José Vítor Malheiros foi «dispensado» do Público, mas tem as redes sociais à sua disposição. Transcrevo o excelente texto que divulgou no Facebook:

«Nos últimos anos, quase sempre a propósito do aparecimento e do sucesso de certas organizações políticas nacionalistas na Europa, temos falado muito de populismo, tentando clarificar o conceito, debatendo o seu rigor ou ambiguidade, discutindo a correcção e utilidade da sua aplicação a esta ou àquela organização, a este ou àquele discurso, a esta ou àquela prática política.

O discurso de tomada de posse (não, não se diz inauguração) do presidente Donald Trump (custa a dizer, mas é o que o homem é) contribui para esclarecer a discussão porque é um perfeito exemplo de discurso populista, a exemplo de mais uns quantos feitos maioritariamente nos anos 30 do século passado.

A marca de água do populismo é a ideia de que a soberania reside no povo (até aqui estamos todos de acordo) mas que a vontade popular não se pode exprimir correctamente através dos sistemas de representação e de mediação da democracia representativa, pois estes foram capturados por elites que os deturparam, desviaram da sua função e os usam para seu benefício pessoal.

O discurso populista não avança propostas para melhorar a democracia e para a libertar das mãos dos grupos que capturaram os mecanismos de expressão da vontade popular e de governação democrática, mas apresenta sempre um grupo, um líder, como capaz de interpretar os desejos e sentimentos do povo e de os transformar em acção política de forma inorgânica.

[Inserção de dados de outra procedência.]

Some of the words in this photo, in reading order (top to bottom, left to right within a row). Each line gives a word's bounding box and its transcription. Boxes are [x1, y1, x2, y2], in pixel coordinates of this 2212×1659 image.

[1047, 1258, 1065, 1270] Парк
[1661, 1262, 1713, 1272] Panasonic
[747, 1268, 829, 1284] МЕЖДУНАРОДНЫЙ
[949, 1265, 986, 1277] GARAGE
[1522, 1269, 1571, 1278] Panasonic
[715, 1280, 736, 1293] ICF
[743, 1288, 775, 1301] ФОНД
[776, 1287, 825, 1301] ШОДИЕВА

A entidade “povo” (com este ou outro nome) aparece sempre no discurso populista como algo de puro e homogéneo, sem divisões ou interesses divergentes no seu seio, sem conflitos internos, e todos os problemas e divergências que aparecem na sociedade são atribuídos a inimigos externos, “outros” que não o povo. O populismo identifica em geral as elites “afastadas do povo” (os políticos, os media, os intelectuais, os artistas) como a causa de todos os problemas e obstáculos a eliminar para a “purificação” do sistema - usando com frequência um léxico higienista - e exige ainda inimigos externos que constituem o maior perigo, para cujo combate devem ser mobilizadas todas as forças.

A existência destes inimigos internos e externos justifica, por sua vez, por razões de eficácia, a concentração de poder nas mãos do líder e dos seus próximos, intérpretes esclarecidos da vontade do povo.

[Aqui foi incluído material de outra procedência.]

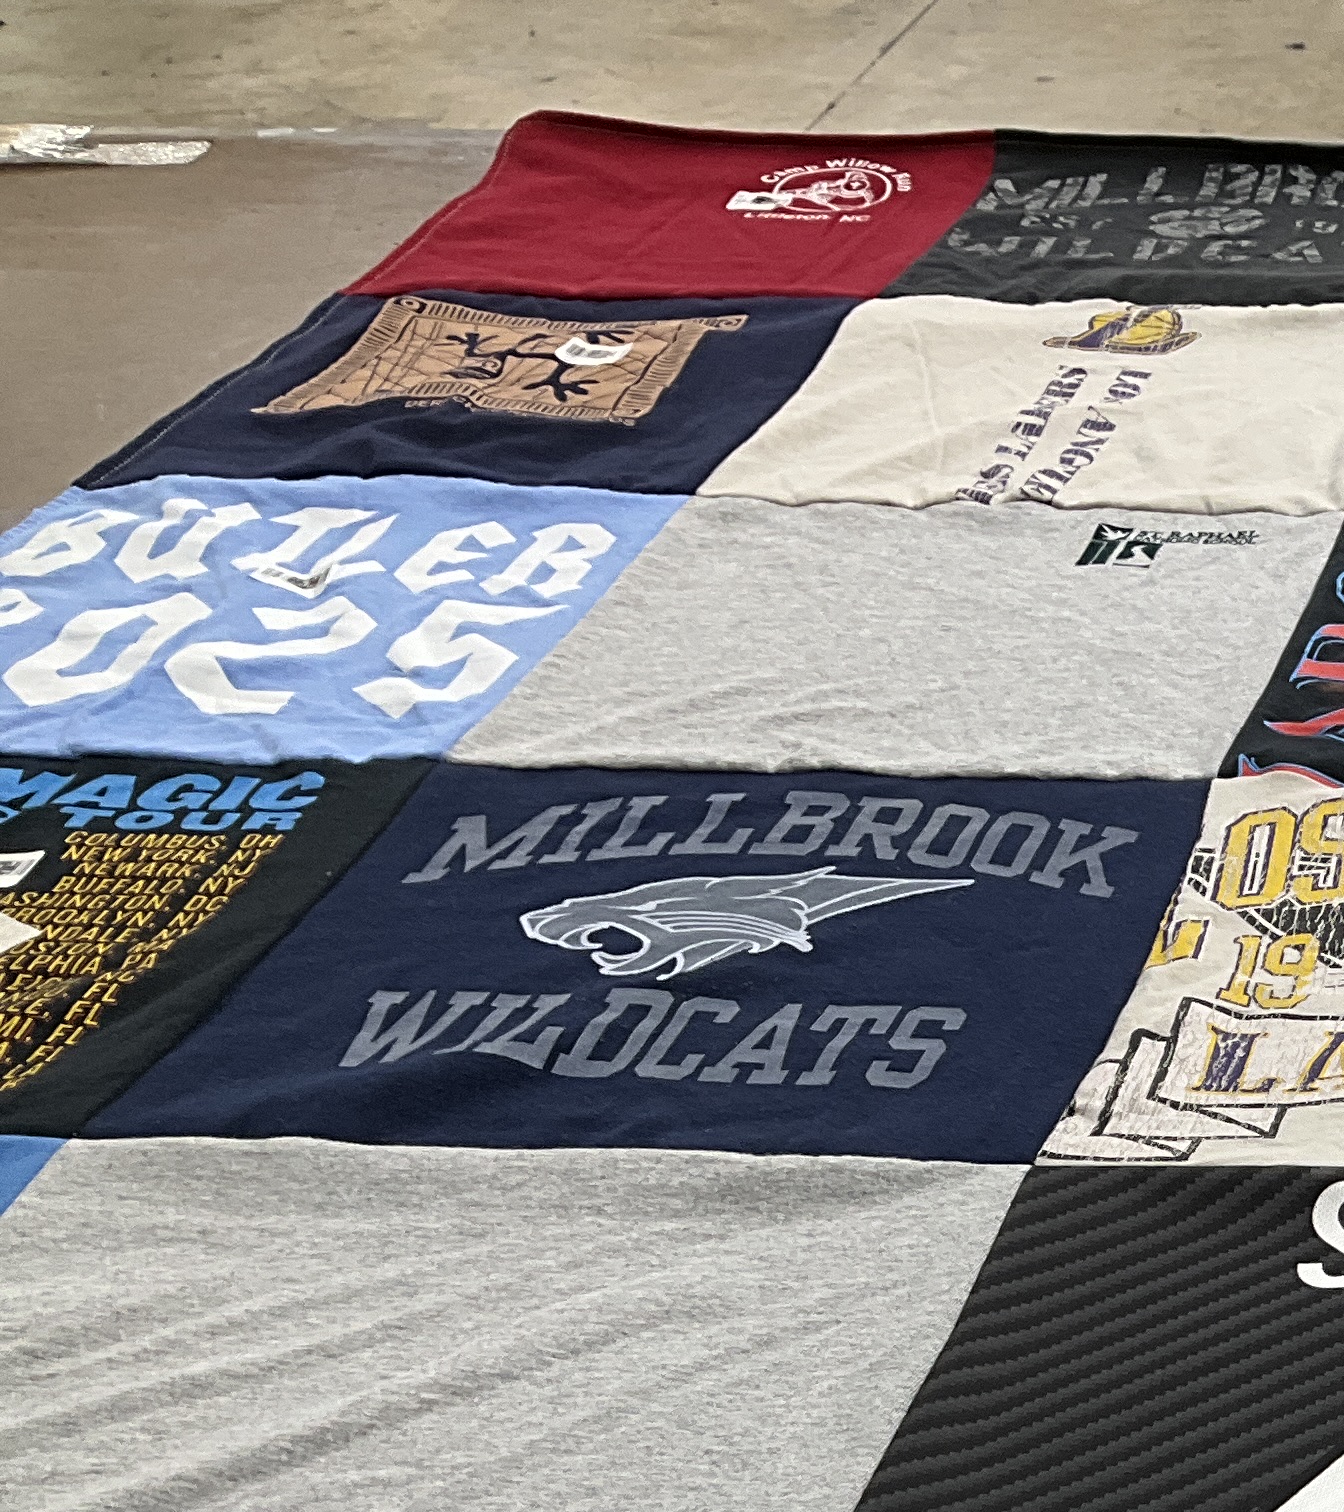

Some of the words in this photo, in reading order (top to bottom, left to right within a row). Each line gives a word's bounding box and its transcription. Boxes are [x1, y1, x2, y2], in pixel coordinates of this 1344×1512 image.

Não foi por acaso que não houve, no discurso de Trump, uma referência aos partidos, ao Congresso, a quaisquer outras organizações nacionais ou internacionais. O discurso não pretendia avalizar qualquer outra forma de interpretação da vontade popular que não fosse simplesmente o instinto do líder, não pretendia promover qualquer forma de exercício do poder que tivesse a mínima característica institucional ou fosse sequer escrutinável.